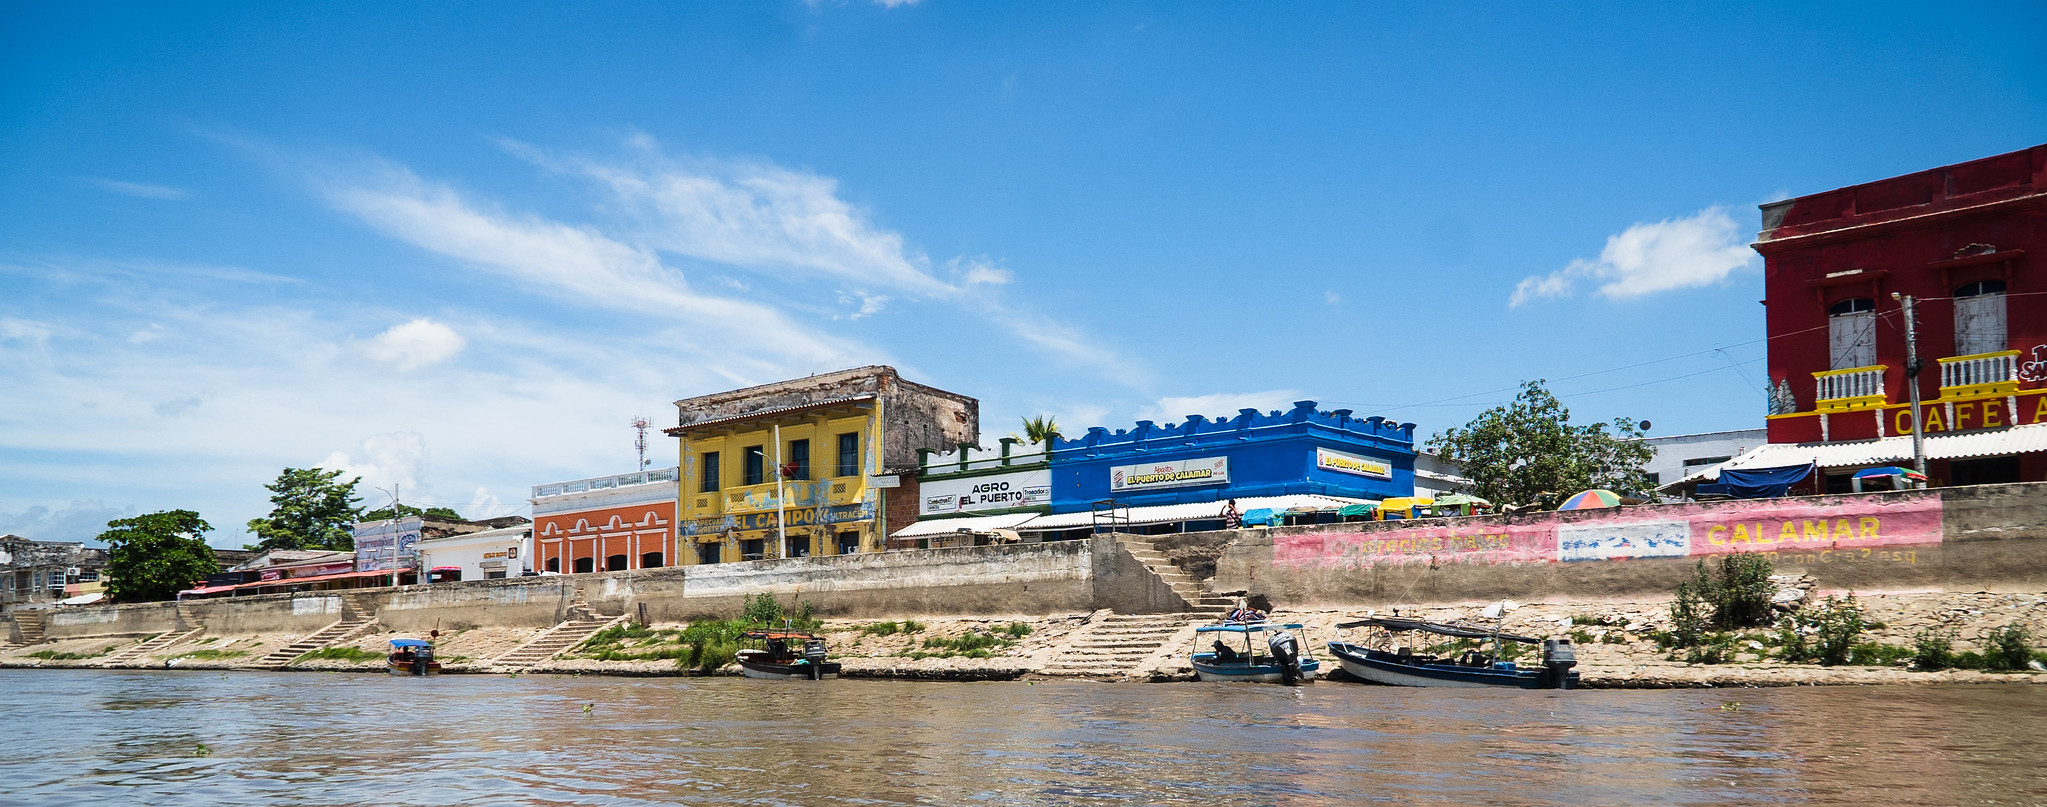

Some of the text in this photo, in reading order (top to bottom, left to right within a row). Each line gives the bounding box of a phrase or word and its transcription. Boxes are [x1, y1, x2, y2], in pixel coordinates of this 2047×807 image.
################
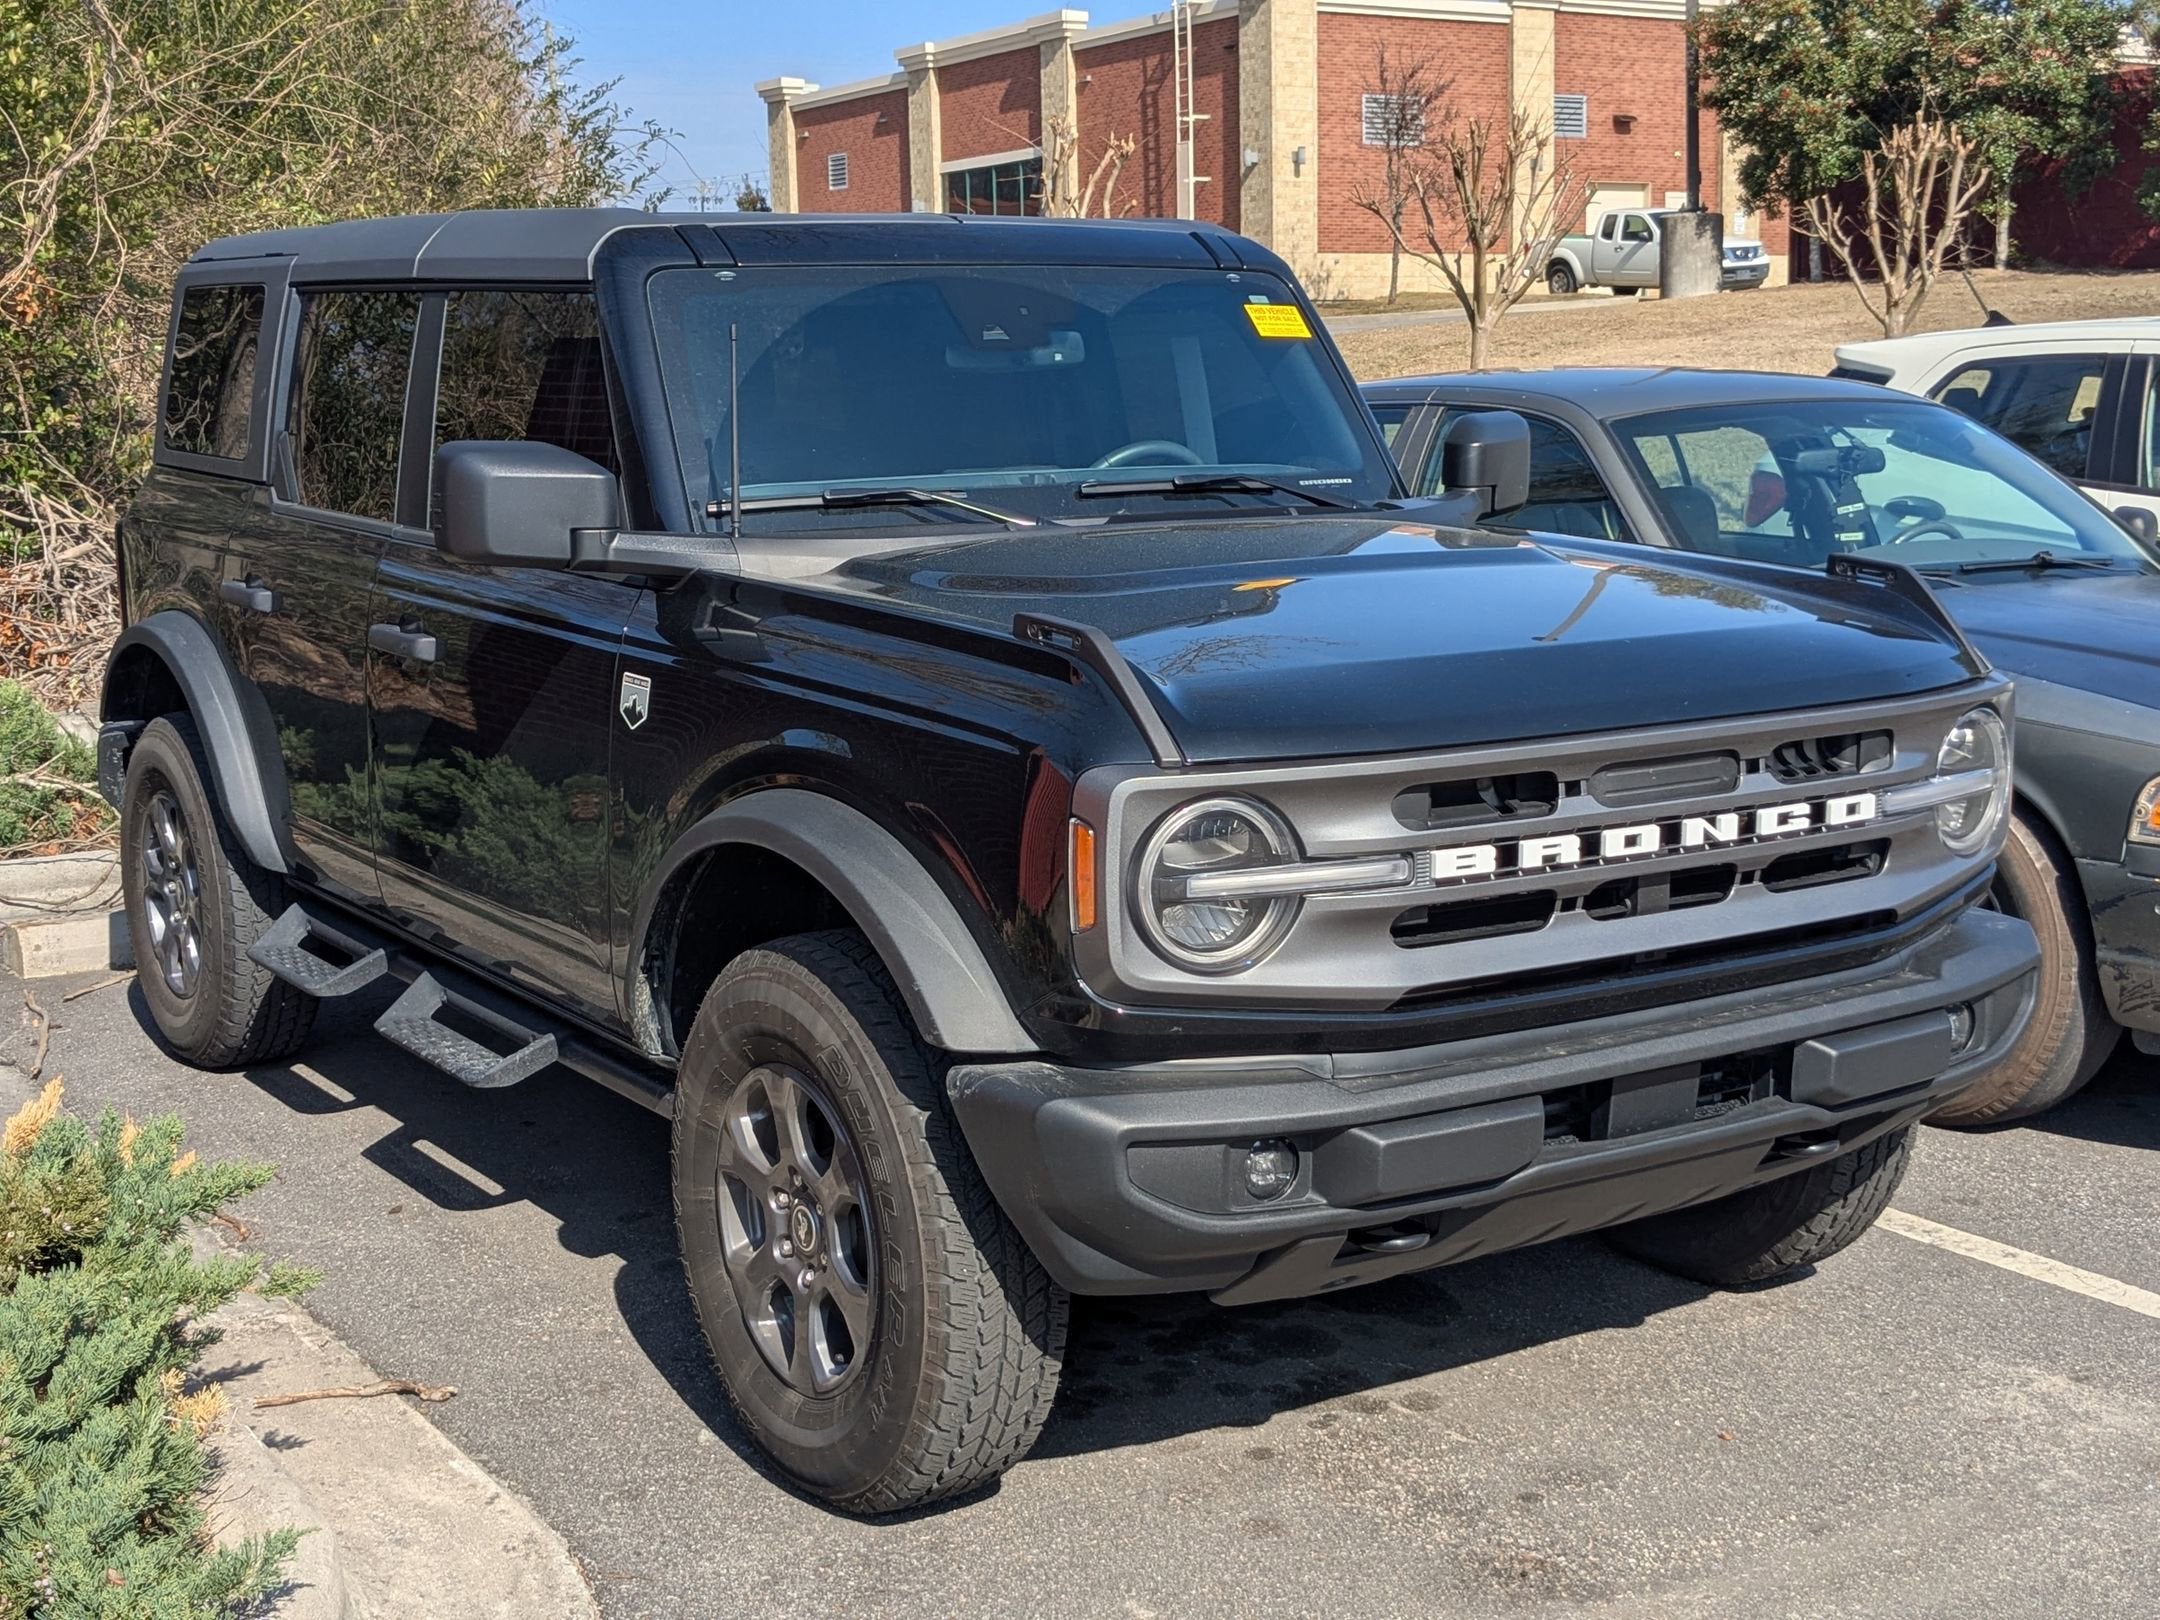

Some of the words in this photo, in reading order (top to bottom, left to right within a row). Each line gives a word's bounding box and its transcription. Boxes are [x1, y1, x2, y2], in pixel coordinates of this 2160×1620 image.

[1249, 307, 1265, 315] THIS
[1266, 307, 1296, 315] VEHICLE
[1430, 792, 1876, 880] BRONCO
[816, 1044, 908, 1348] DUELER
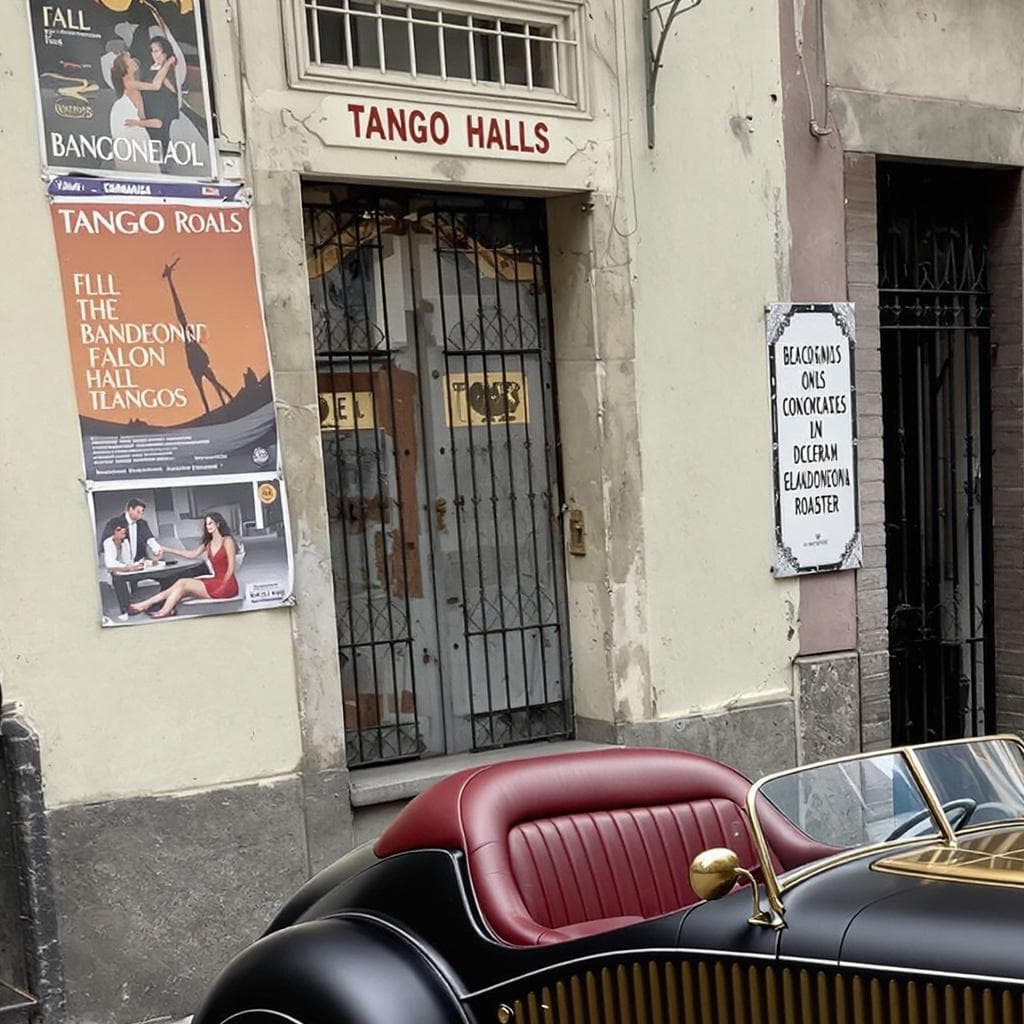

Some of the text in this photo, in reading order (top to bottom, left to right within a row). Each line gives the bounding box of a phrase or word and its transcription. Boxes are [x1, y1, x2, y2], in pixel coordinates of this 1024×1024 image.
################
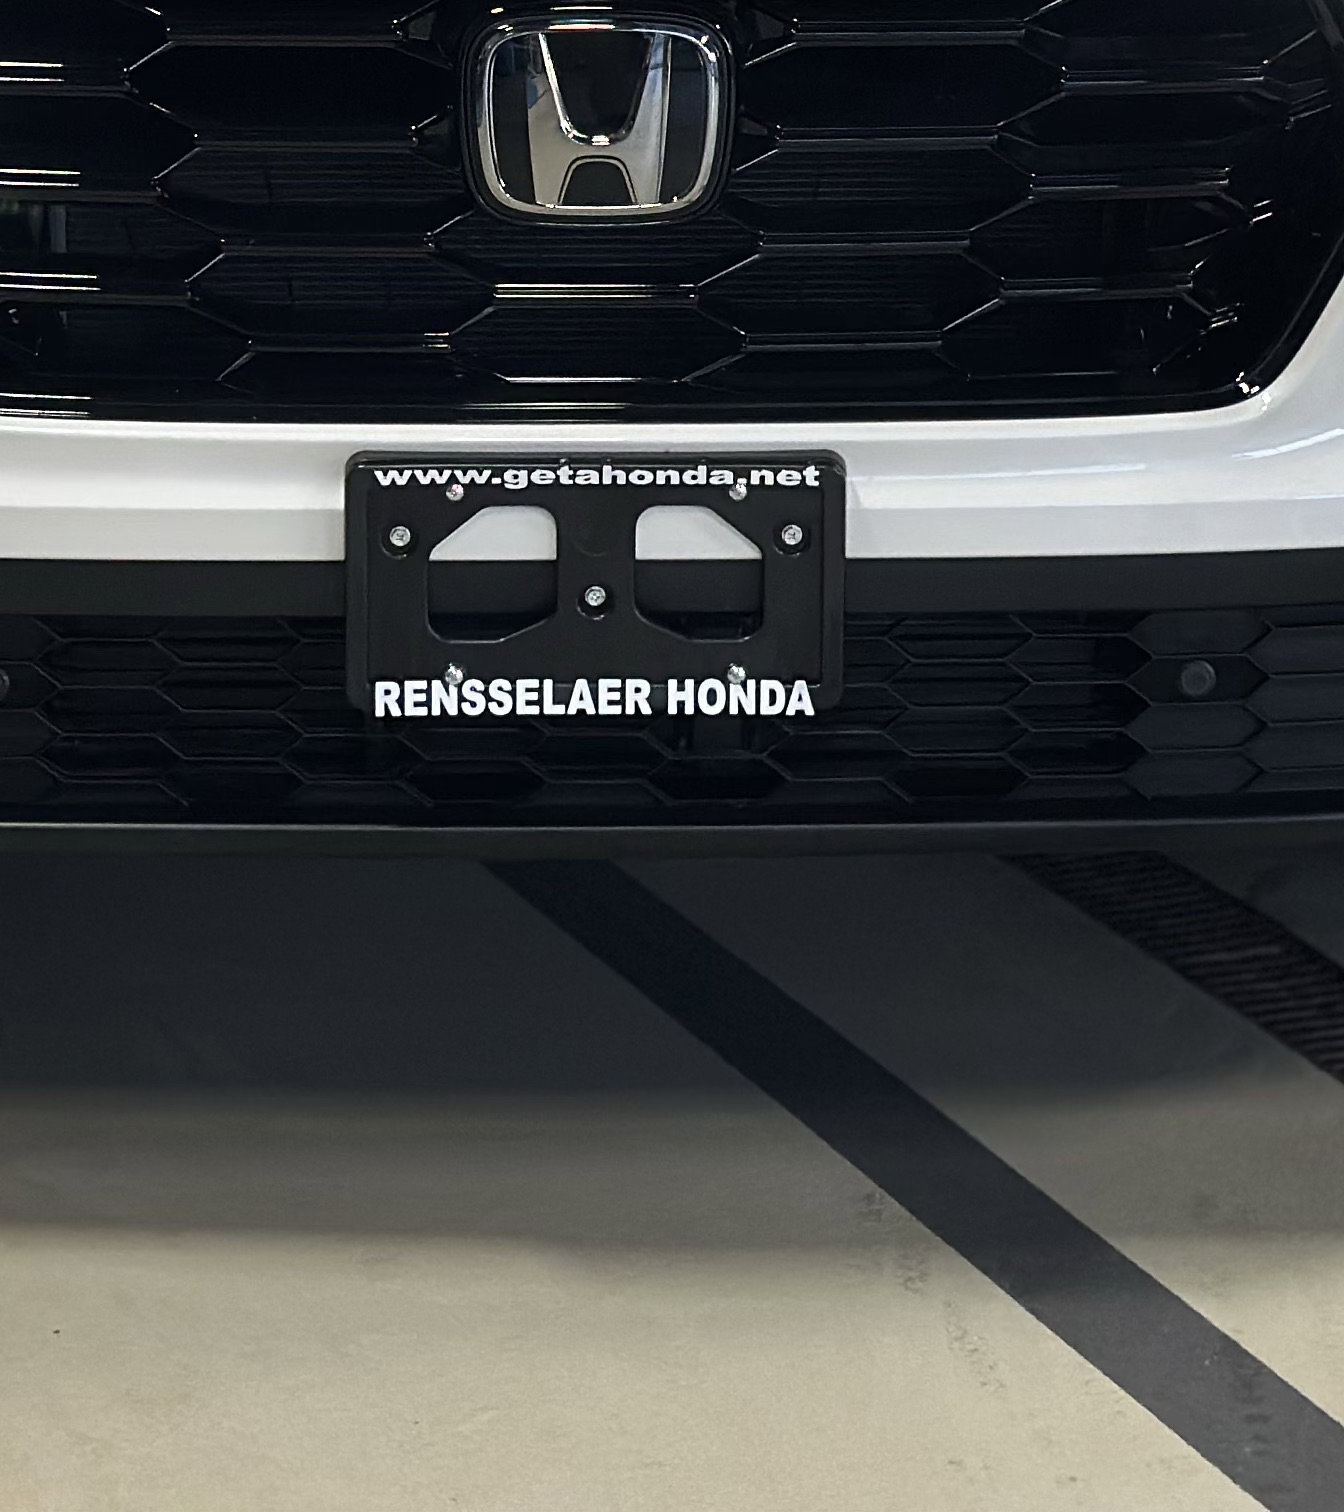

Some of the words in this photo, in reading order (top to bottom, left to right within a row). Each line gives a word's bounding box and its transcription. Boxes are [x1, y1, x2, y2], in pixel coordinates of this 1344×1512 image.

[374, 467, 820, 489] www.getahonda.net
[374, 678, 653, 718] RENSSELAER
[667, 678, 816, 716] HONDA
################
● Work to complete:
Report each line in the preceding entries that holds the string "phrase".

● Exercise solution:
Some of the text in this photo, in reading order (top to bottom, left to right within a row). Each line gives the bounding box of a phrase or word and its transcription. Boxes are [x1, y1, x2, y2], in pixel coordinates of this 2047×807 image.
Some of the text in this photo, in reading order (top to bottom, left to right within a row). Each line gives the bounding box of a phrase or word and its transcription. Boxes are [x1, y1, x2, y2], in pixel coordinates of this 1024×1024 image.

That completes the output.